Tuesday, March 17, 2009

Happy Birthday...

To my middle son. Today he is eight and an absolute delight. He is filled with curiosity, eagerness and a heart for the Lord.

I say this all the time but I often feel that I have gained a much better perspective of my relationship with the Lord by having children. They challenge me with their words of piercing truth. Their innocent questions of extreme depth and their ability to love me despite all of my faults. They look to me for guidance and I often find myself being led by them. How amazing that God would provide me with such a humbling and educational experience rolled up in the sweet gaze of my children.

I am extremely blessed to be a mom to them and I know I've been entrusted with a great treasure.

How thankful I am for my middle son and how I look forward to seeing what God will do in his life. If his years thus far and the sheer volume of lessons he has taught me are any indication, I am prepared for an exciting adventure.

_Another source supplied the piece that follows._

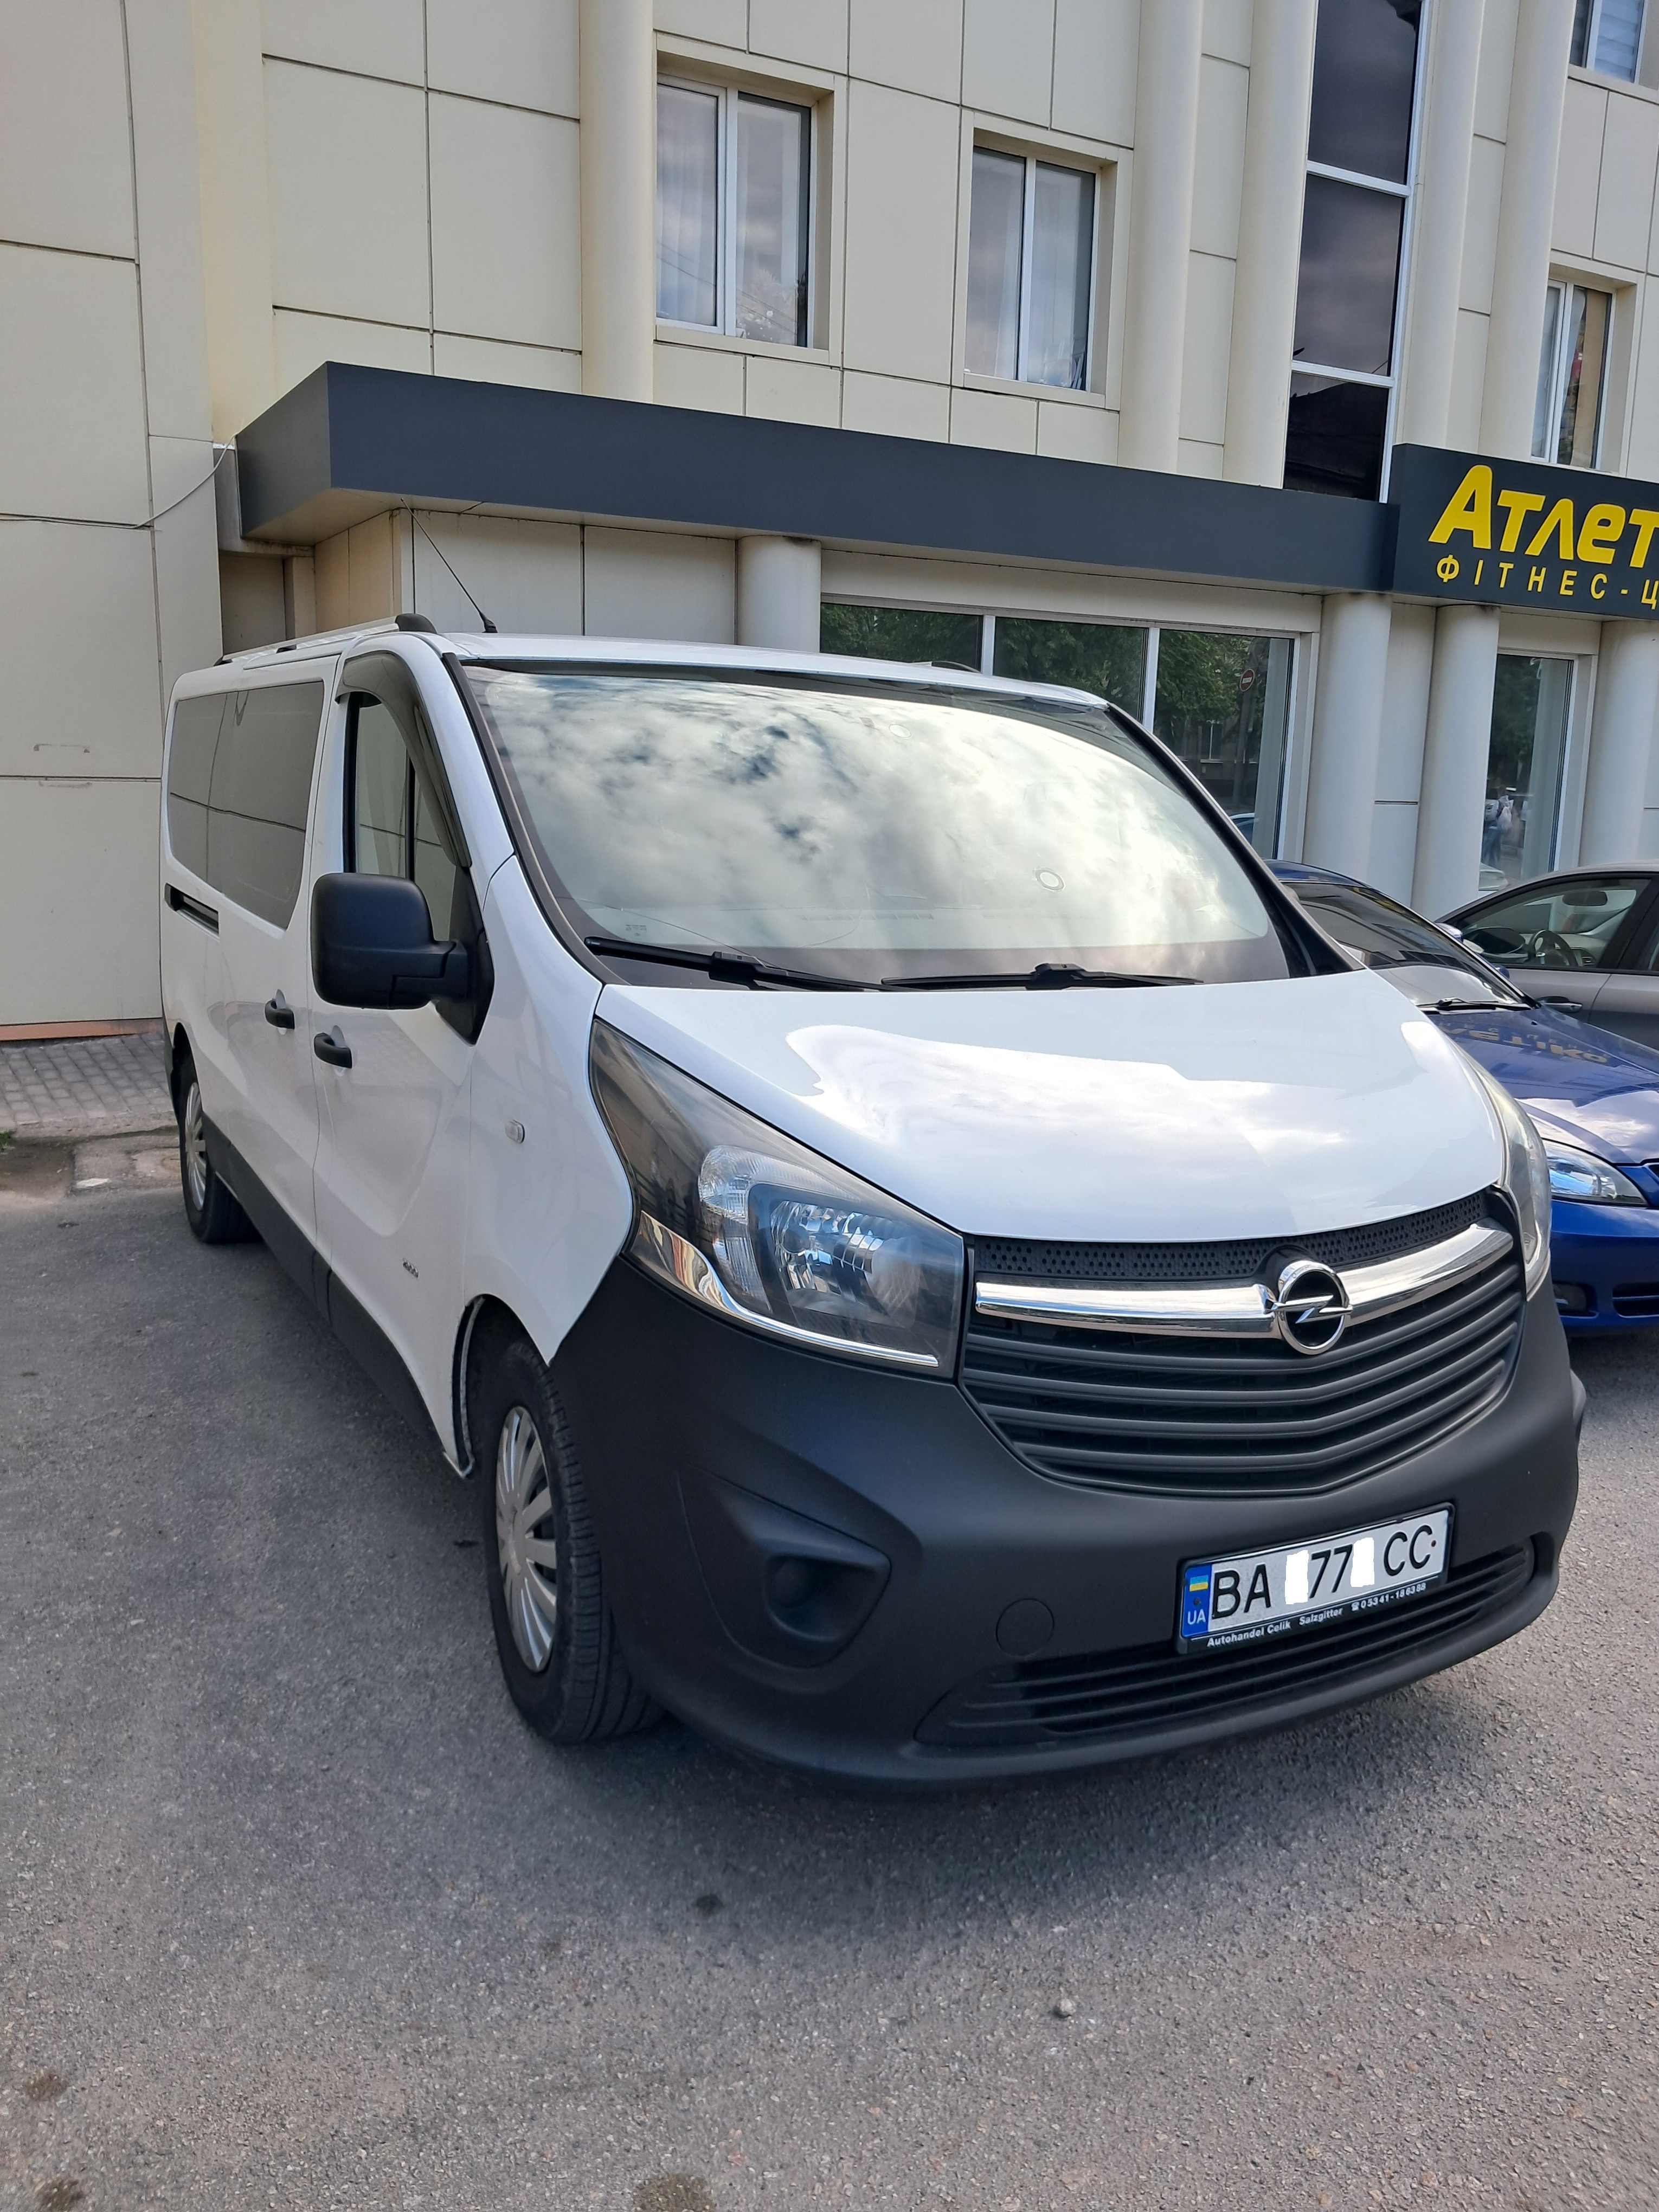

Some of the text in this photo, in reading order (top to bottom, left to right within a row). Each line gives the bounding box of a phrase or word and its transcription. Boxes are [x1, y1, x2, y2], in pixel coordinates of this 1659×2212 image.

Today I will be hugging them all, but squeezing my middle son a little tighter as he moves a little further in his race (Hebrews 12:1). May he experience the love of Christ daily and may I be an example of His love and grace in my days with him.

Sunday, March 8, 2009

Prolonging the inevitable

Ok. We all know that whenever there is a schedule to be followed, something that needs accomplishing or, we're in a hurry, that it invariably prompts the best, most complicated questions from our children.

So it was this day when we were trying to prepare for bed. I was helping my boys get themselves into the shower when such a moment arose. My son looked at me and asked a question about something that makes him uniquely male. No, I'm not talking about his ability to think entirely different than me but rather something a bit more fundamental.

Ok, now that you know where we're going, the conversation went a little like this. "Mom, what is this part called?" I respond with the appropriate name thinking I've handled that well. And then, I hear, "Mom what is is for and what is in there?" Sigh.

Again, I provide a reasonable response and give the most generic answer I can, "It's part of the man's reproductive system." Ok, now I'm beginning to feel like I'm at a tennis match. Unfortunately, the volley continues. I just want him to get himself in the shower so we can move forward. But here comes the ball again.

"But mom, what does it do?"

I've a feeling this is going to continue for a long time so I take the tack that any parent would or perhaps should, "That is a good question but this is not the best time to talk about that. Let's get finished in the shower and we can discuss it another time."

Ok, I brace myself for another question, or a response I'm not ready to deal with and I hear, "Mom, was it a scientific question?" I look at my son's face and it is lit up with anticipation of my response and I tell him, "Yes, it was a very scientific question." He is now beaming, climbs in the shower and goes about his business.

I am now trying not to laugh too loudly, breath to heavily or allow my children to hear me praising God too loudly. Here I was waiting for a question answer session that could perhaps be neverending and my sweet son simply wants to know if it was a "scientific question". Amazing.

I know there are times that the Lord has things for me to do and sometimes, just like my kids, I'm not ready to or just don't want to so I hope to prolong the inevitable with distractions. How often do I barrage the Lord with questions in my prayer life and fail to listen to what He is saying? I may not be seeking explanations about how things "work" but I come to Him seeking answers when it's not where He wants me to be.

Why is it that my children can be so much more gracious than I? My son was getting the gentle nudge toward what I had planned for him and rather than get angry or try to continue, he simply wanted a little verbal pat on the back as he went about his way.

Unfortunately, I don't always proceed so quietly when I am gently nudged to the plans the Lord has for me. I'm ashamed to admit that I sometimes go kicking and screaming.

For I know the plans I have for you," declares the LORD, "plans to prosper you and not to harm you, plans to give you hope and a future.Jeremiah 29:10-12

The Lord loves us and does have plans for us. We may not always want to step out and do what He wants us to do but He wants us to. And, if we listen closely, I'm quite convinced that He is gently nudging us and saying, "That was a great question but let's do this first and talk about that later." I know I've heard Him say it to me. It is my prayer that I can be as gracious as my children, accept the gentleness and trust my Father as he points me in the right direction.

Amen.

Tuesday, March 3, 2009

Happy birthday to you!!

My youngest turned 6 yesterday. He's a big boy and has run around the house telling me that he can't wait until he's 19. I suck in air, and try not to watch as his life flies by.

What is it about all of us that makes us wish for the next milestone? Why is contentment such a hard thing?

I would like to believe that it's only my children who struggle with this but I would be lying. Contentment is often elusive but can be grasped when a concious effort is made, on my part.

For today, I will try to revel in my youngest sons new grown-up status and try desperately to enjoy every last second of 6.

May you find contentment in your life today.